### EXERCISE DATA
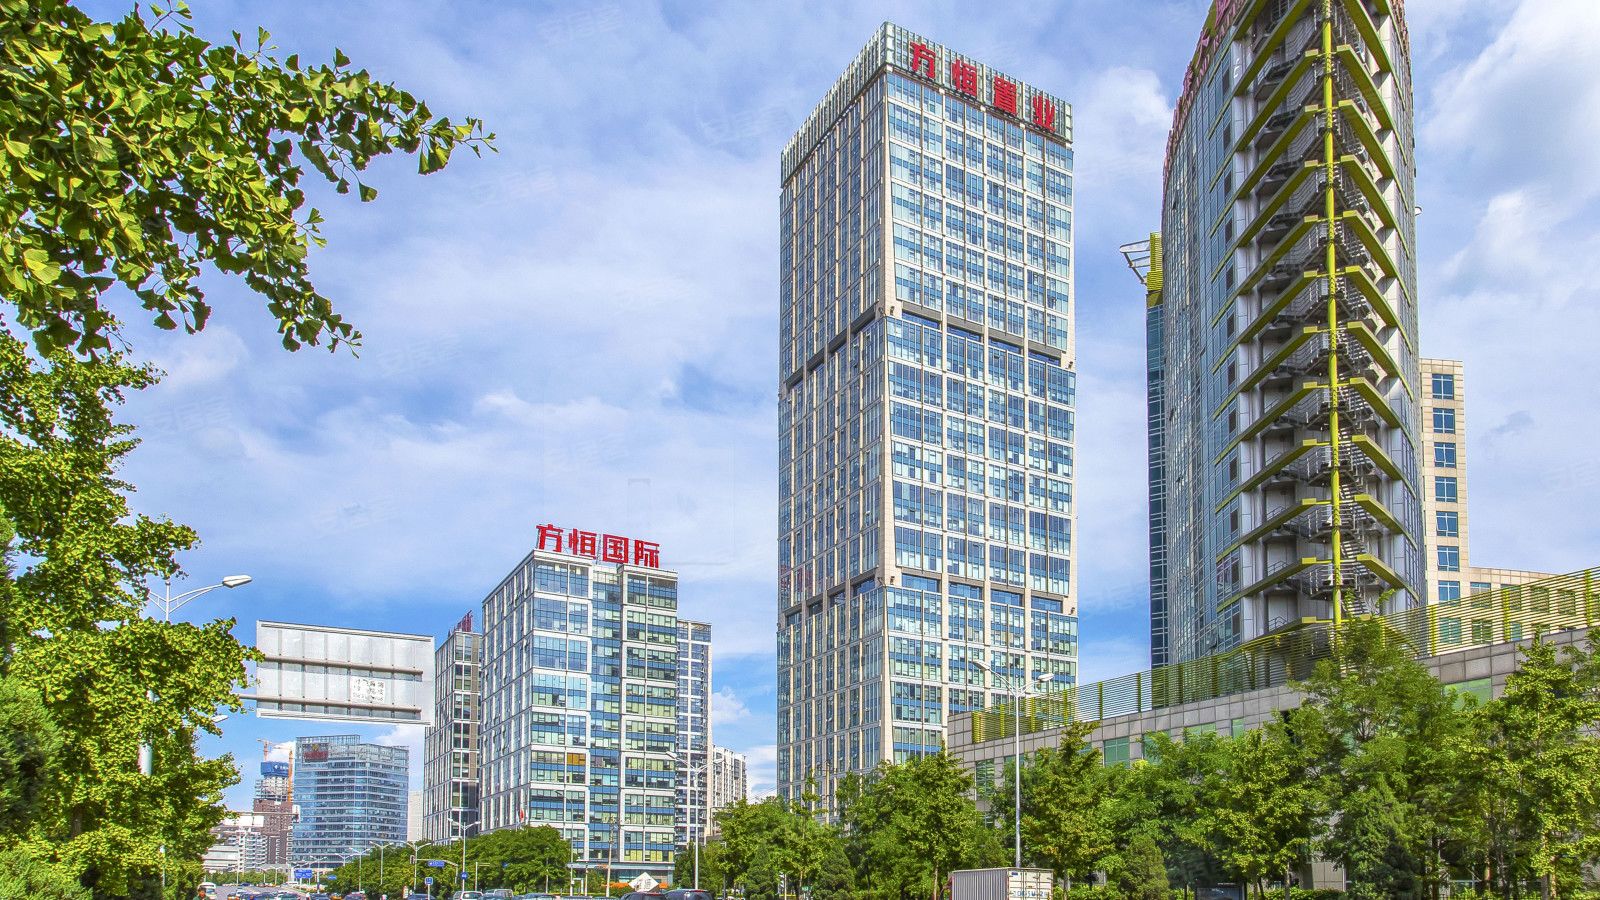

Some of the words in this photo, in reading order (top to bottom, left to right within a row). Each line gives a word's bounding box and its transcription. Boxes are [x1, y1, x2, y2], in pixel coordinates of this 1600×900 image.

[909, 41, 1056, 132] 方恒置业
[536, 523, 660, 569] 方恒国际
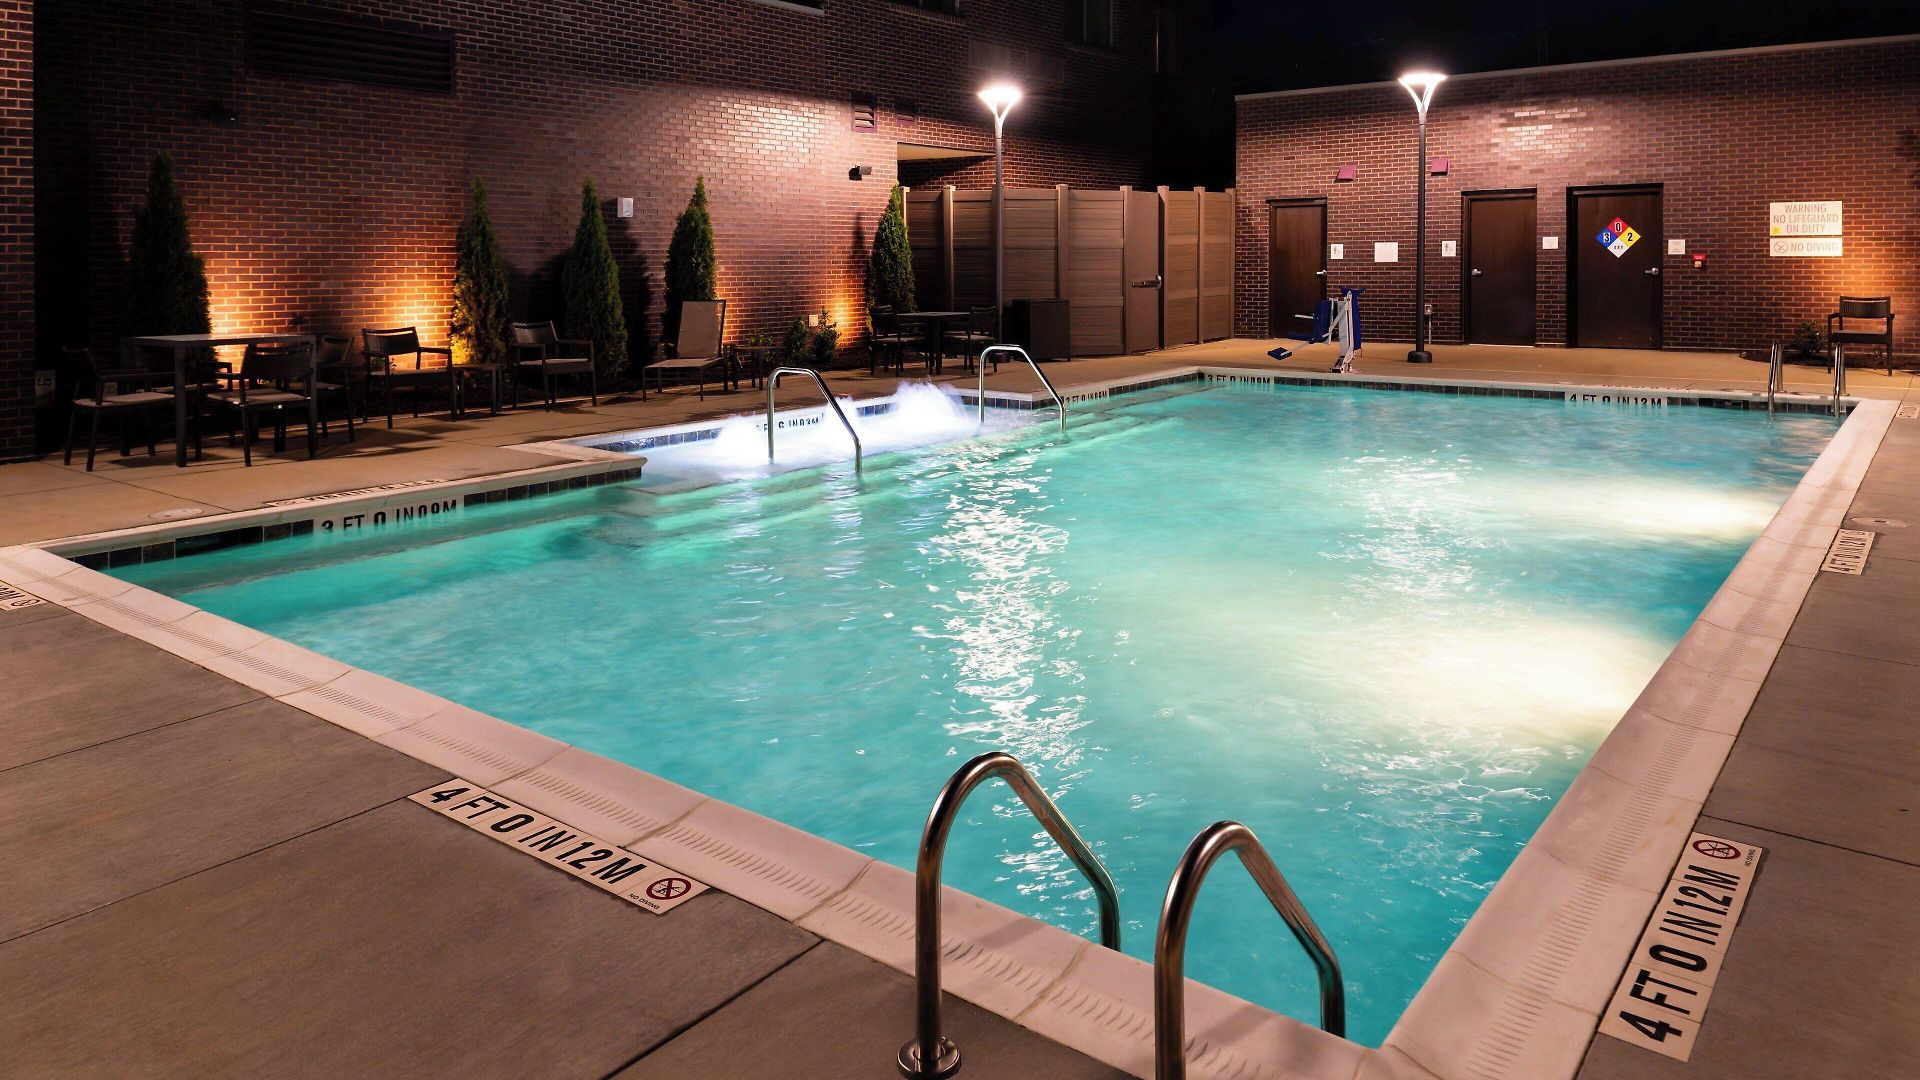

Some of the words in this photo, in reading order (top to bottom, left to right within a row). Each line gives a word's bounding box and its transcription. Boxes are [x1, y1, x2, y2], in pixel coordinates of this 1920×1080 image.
---
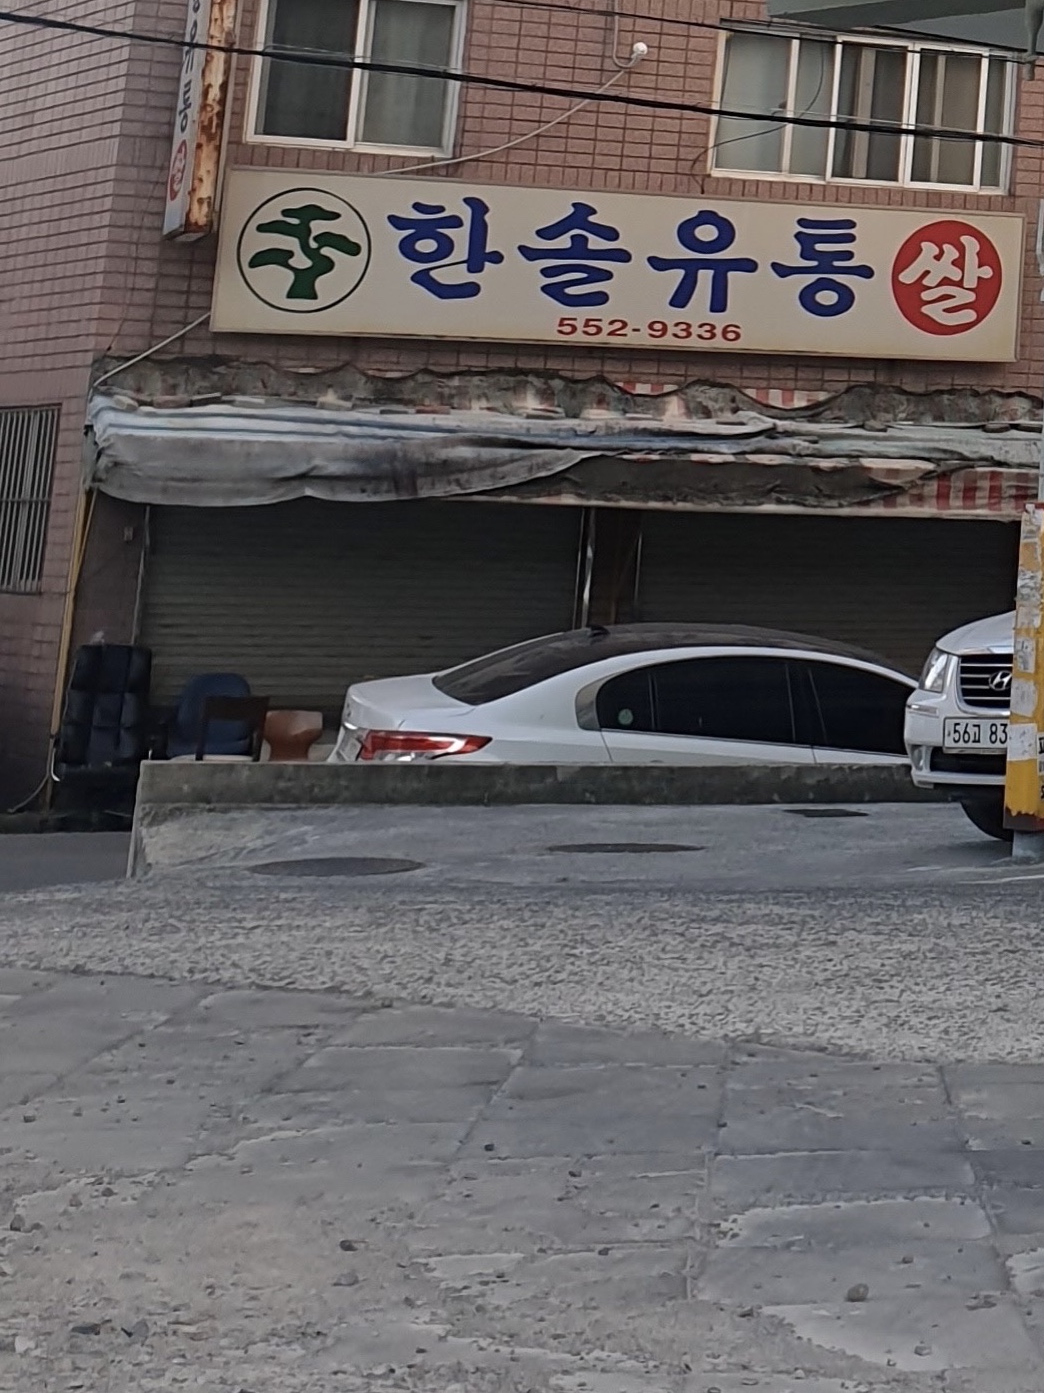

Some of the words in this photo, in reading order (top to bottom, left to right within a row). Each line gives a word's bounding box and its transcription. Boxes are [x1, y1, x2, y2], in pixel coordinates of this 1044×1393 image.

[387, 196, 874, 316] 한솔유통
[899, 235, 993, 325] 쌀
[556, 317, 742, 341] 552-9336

### TASK TO CARRY OUT
Only one stretch of the data is wanted: write out exactly the lines from the one holding "this 1600×900 image." through the one holding "this 1920×1080 image.", both included, without the pictures.

### RESPONSE TO THE TASK
Some of the words in this photo, in reading order (top to bottom, left to right within a row). Each line gives a word's bounding box and its transcription. Boxes are [x1, y1, x2, y2], in pixel coordinates of this 1600×900 image.

[909, 41, 1056, 132] 方恒置业
[536, 523, 660, 569] 方恒国际

Some of the words in this photo, in reading order (top to bottom, left to right within a row). Each line gives a word's bounding box and its transcription. Boxes are [x1, y1, x2, y2], in pixel coordinates of this 1920×1080 image.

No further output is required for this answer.